#### Try it
Your copy should match the records exactly, except that it contains no pictures.

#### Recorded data
== Segment start ==
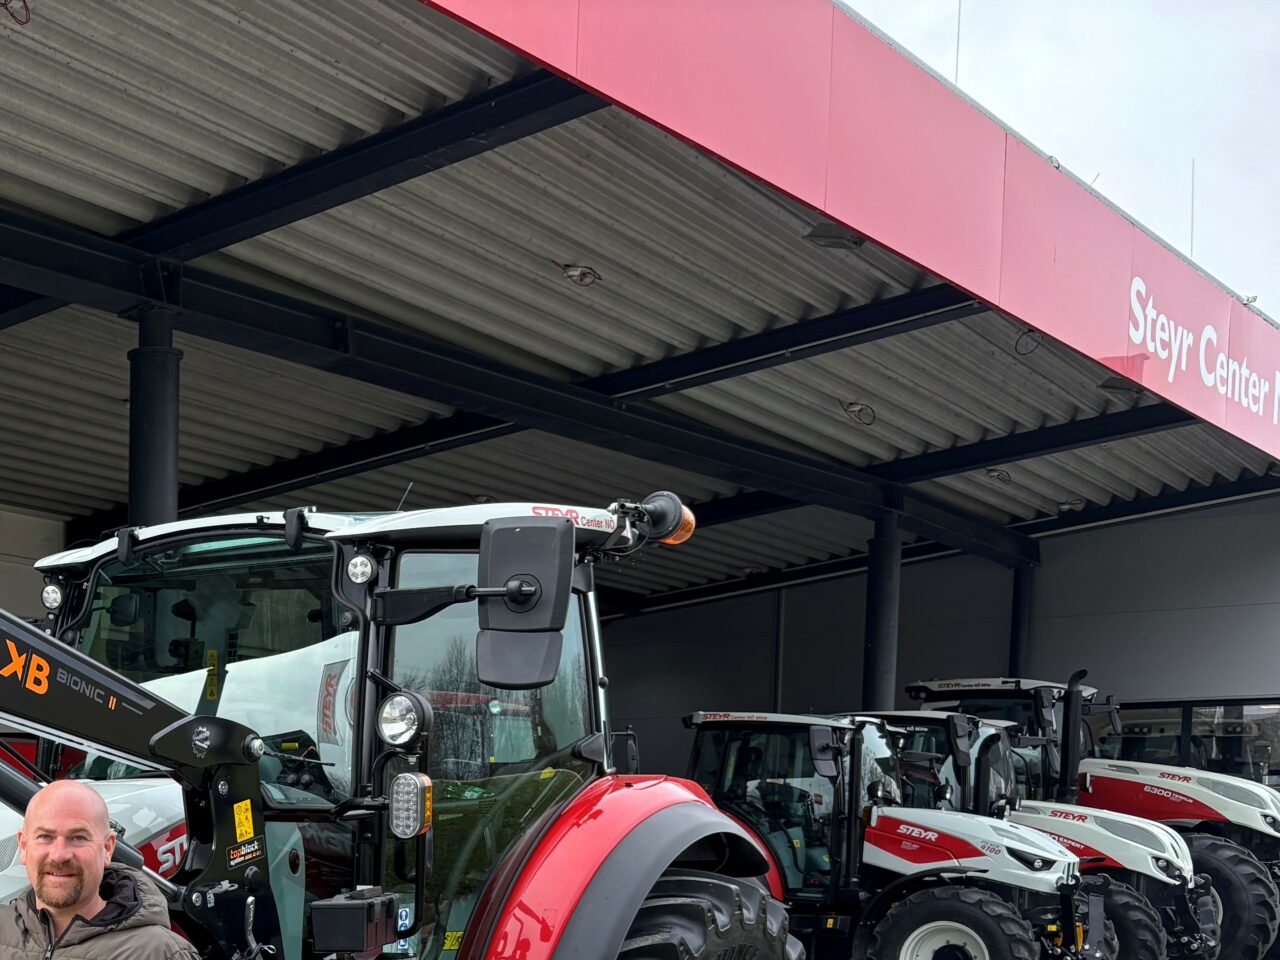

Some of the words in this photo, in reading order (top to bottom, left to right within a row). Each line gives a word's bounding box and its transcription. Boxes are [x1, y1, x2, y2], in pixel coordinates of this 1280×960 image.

[1129, 276, 1194, 383] Steyr
[1199, 324, 1269, 416] Center
[581, 517, 603, 528] Center
[56, 668, 105, 703] BIONIC
[703, 713, 731, 721] STEYR
[1158, 771, 1192, 784] STEYR
[1144, 785, 1172, 798] 6300
[1048, 809, 1088, 823] STEYR
[897, 825, 938, 841] STEYR
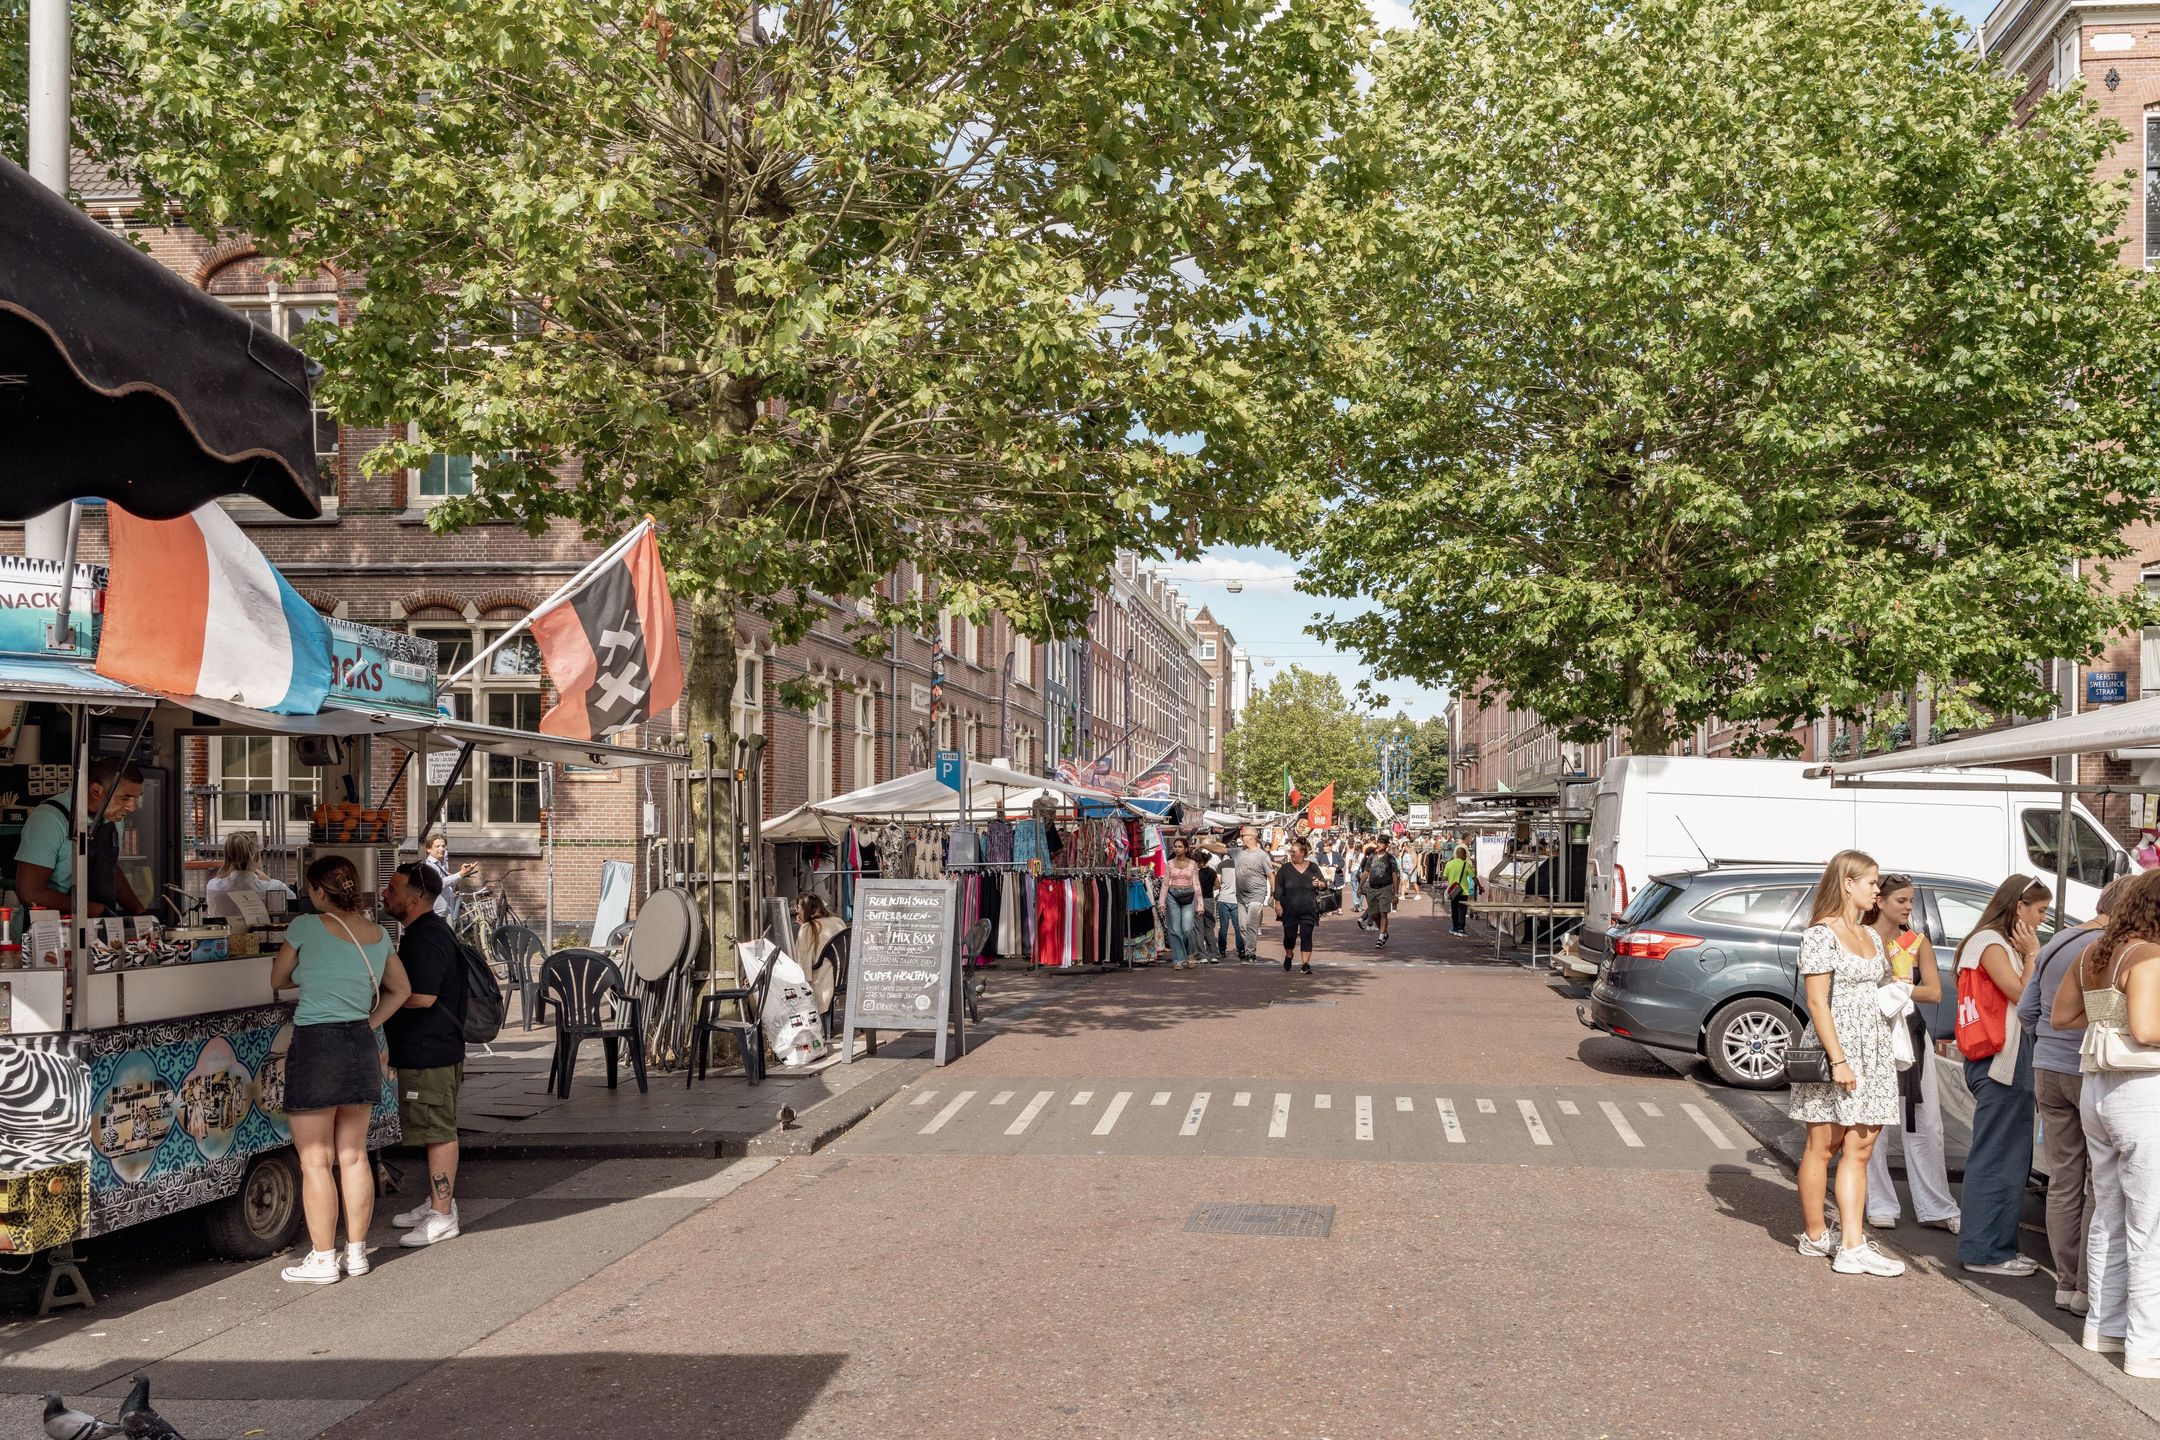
== Segment end ==
#### Output of the task
Some of the words in this photo, in reading order (top to bottom, left to right within a row). Each line gives a word's bounding box and its transcription. Boxes are [x1, y1, x2, y2], in pixel coordinates of this 1280×960 image.

[1129, 276, 1194, 383] Steyr
[1199, 324, 1269, 416] Center
[581, 517, 603, 528] Center
[56, 668, 105, 703] BIONIC
[703, 713, 731, 721] STEYR
[1158, 771, 1192, 784] STEYR
[1144, 785, 1172, 798] 6300
[1048, 809, 1088, 823] STEYR
[897, 825, 938, 841] STEYR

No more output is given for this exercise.